The three drivers on the podium crossed the line within the same three seconds. They all ran different tyre strategies, through choice in the case of Räikkönen and Hamilton and by necessity for Verstappen who started from the penultimate row of the grid.
That’s unusual in Formula 1, where the level of sophistication in terms of simulation and strategy is so high that one doesn’t usually get such a variance, especially when it involves the top three teams.
This was probably down to the fact that no one had been able to run dry weather tyres on Friday as the track was wet throughout the three hours of practice. That meant the teams had less data than usual on which to base their race plans, and thus the margin for error increased.
To use a football metaphor, when two teams play perfectly, a nil-all draw is the logical conclusion. In Formula 1, when the simulations are all worked out to the smallest detail, then they all converge towards the same best possible strategy.

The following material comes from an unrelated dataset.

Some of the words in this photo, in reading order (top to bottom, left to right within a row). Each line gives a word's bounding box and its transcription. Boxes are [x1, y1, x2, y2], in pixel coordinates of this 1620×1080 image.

So does less data produce a better show? It’s definitely more uncertain and therefore another topic for discussion when looking at ways to make our sport even more exciting, from the first lap to the last, as was the case this Sunday in Austin.
Brawn: It was a drive worthy of a champion: well done Max!

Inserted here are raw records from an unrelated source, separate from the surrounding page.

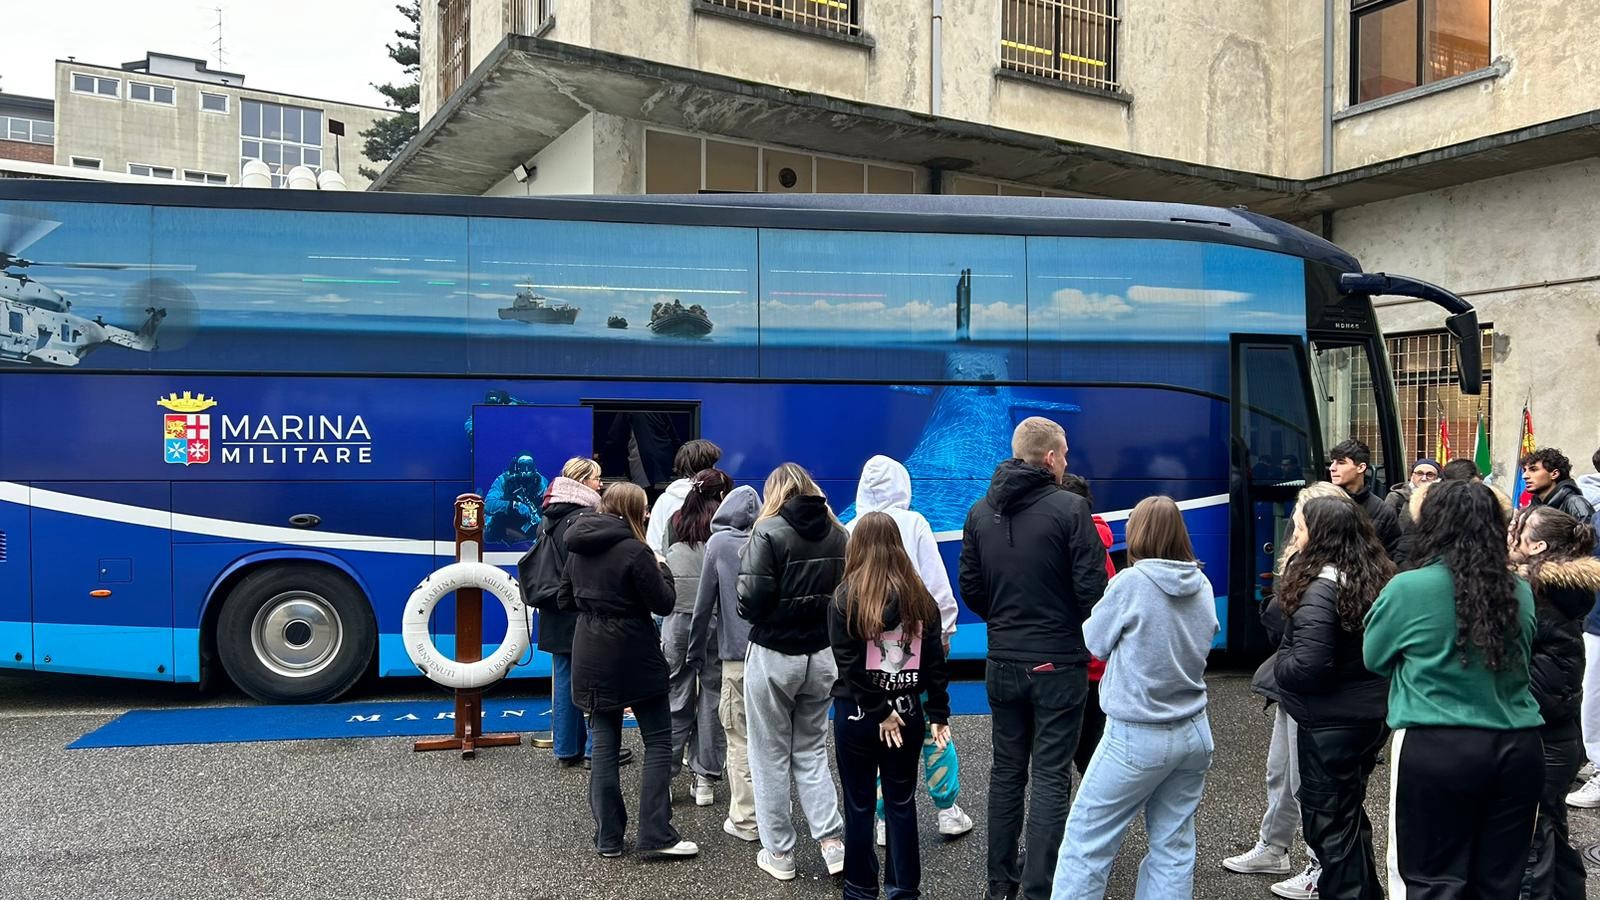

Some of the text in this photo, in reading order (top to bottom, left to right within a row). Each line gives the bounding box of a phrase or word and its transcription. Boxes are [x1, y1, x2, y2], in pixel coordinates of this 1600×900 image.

[221, 415, 371, 440] MARINA
[221, 447, 372, 463] MILITARE
[421, 579, 456, 607] MARINA
[416, 642, 455, 677] BENVENUTI
[493, 643, 518, 671] BORDO
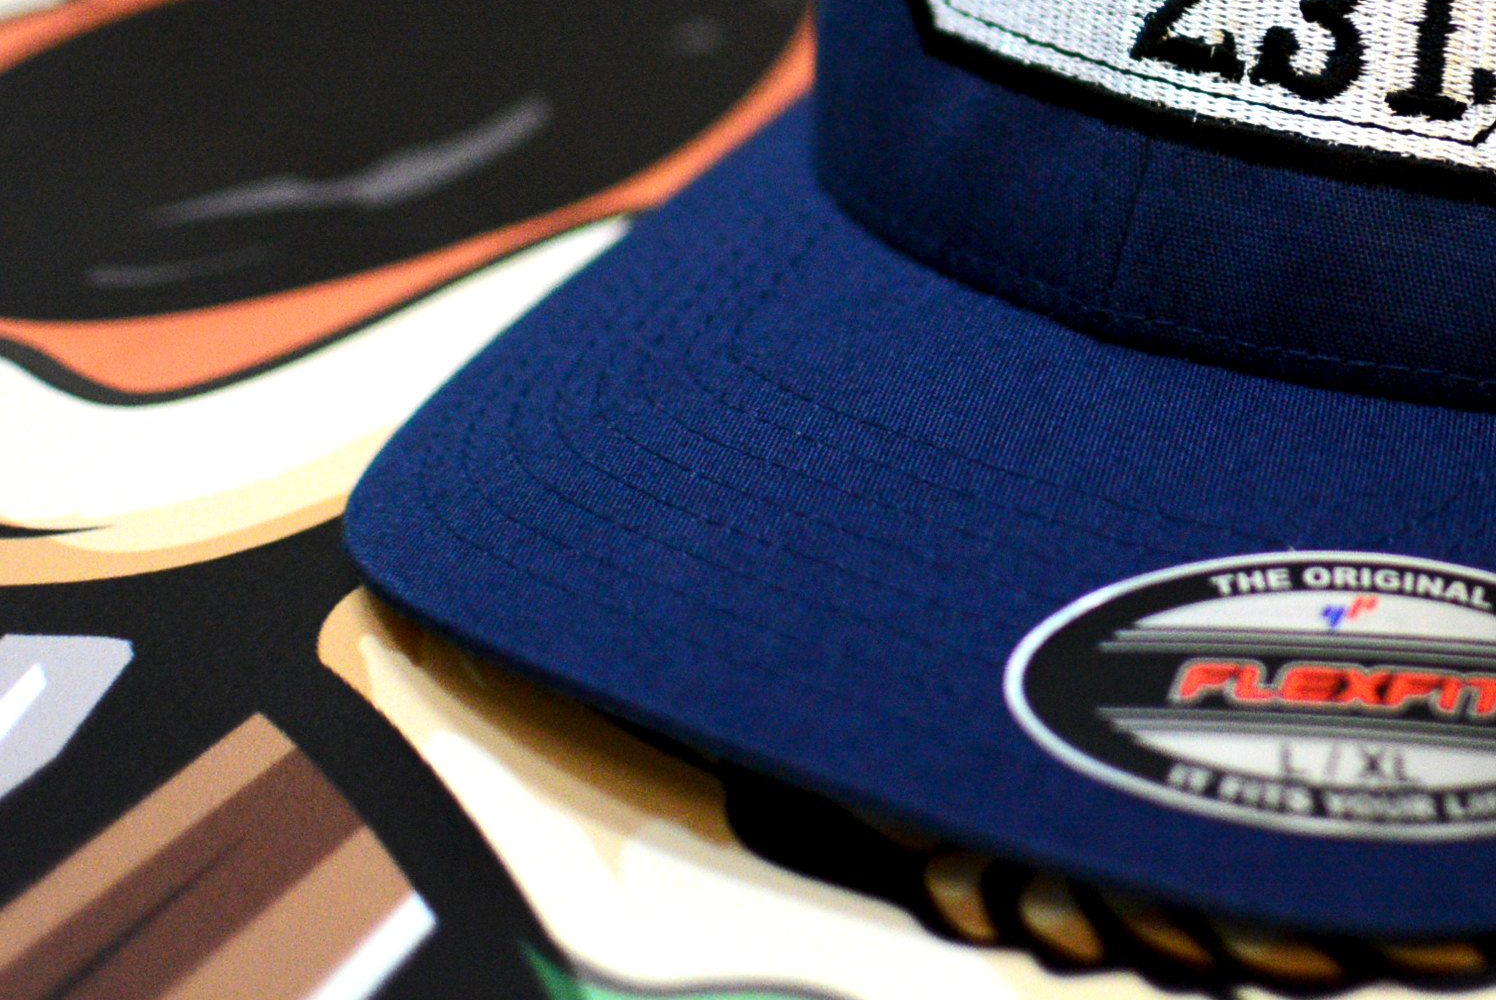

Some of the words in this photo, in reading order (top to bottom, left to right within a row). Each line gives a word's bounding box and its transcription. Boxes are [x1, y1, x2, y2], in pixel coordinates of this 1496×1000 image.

[1209, 567, 1293, 597] THE
[1302, 565, 1494, 610] ORIGINAL
[1323, 789, 1437, 822] YOUR

Max Verstappen is visibly maturing as a driver. In Austin, the Dutchman did not get demoralised after qualifying went wrong. Nor did a further drop down the grid to P18 due to a gearbox change cause Max to overcompensate.
Instead he retained his focus, made a stunning start on Soft tyres and shot off in overtaking mode. By the end of the opening lap, he was already ninth, though some of that was down to the misfortune of others ahead of him. He quickly rose to fifth and then claimed fourth place on lap nine, following the retirement of team-mate Daniel Ricciardo.
From then on, the Verstappen switched to tyre management mode, which meant he had a real chance of winning the race from the midpoint onwards, when it was clear that the Supersofts his team chose for his second stint worked better than the Softs his rivals were running.
Verstappen tried to overhaul Räikkönen, but even on a track where overtaking opportunities exist, following a leading car remains a tough task. In the end the Red Bull driver had to focus more on fending off a hard-charging Hamilton than on attacking Kimi and over the final few laps he was forced to switch to defensive mode, which was admirable and I can well understand why he was so happy at the flag. It was a drive worthy of a champion: well done Max!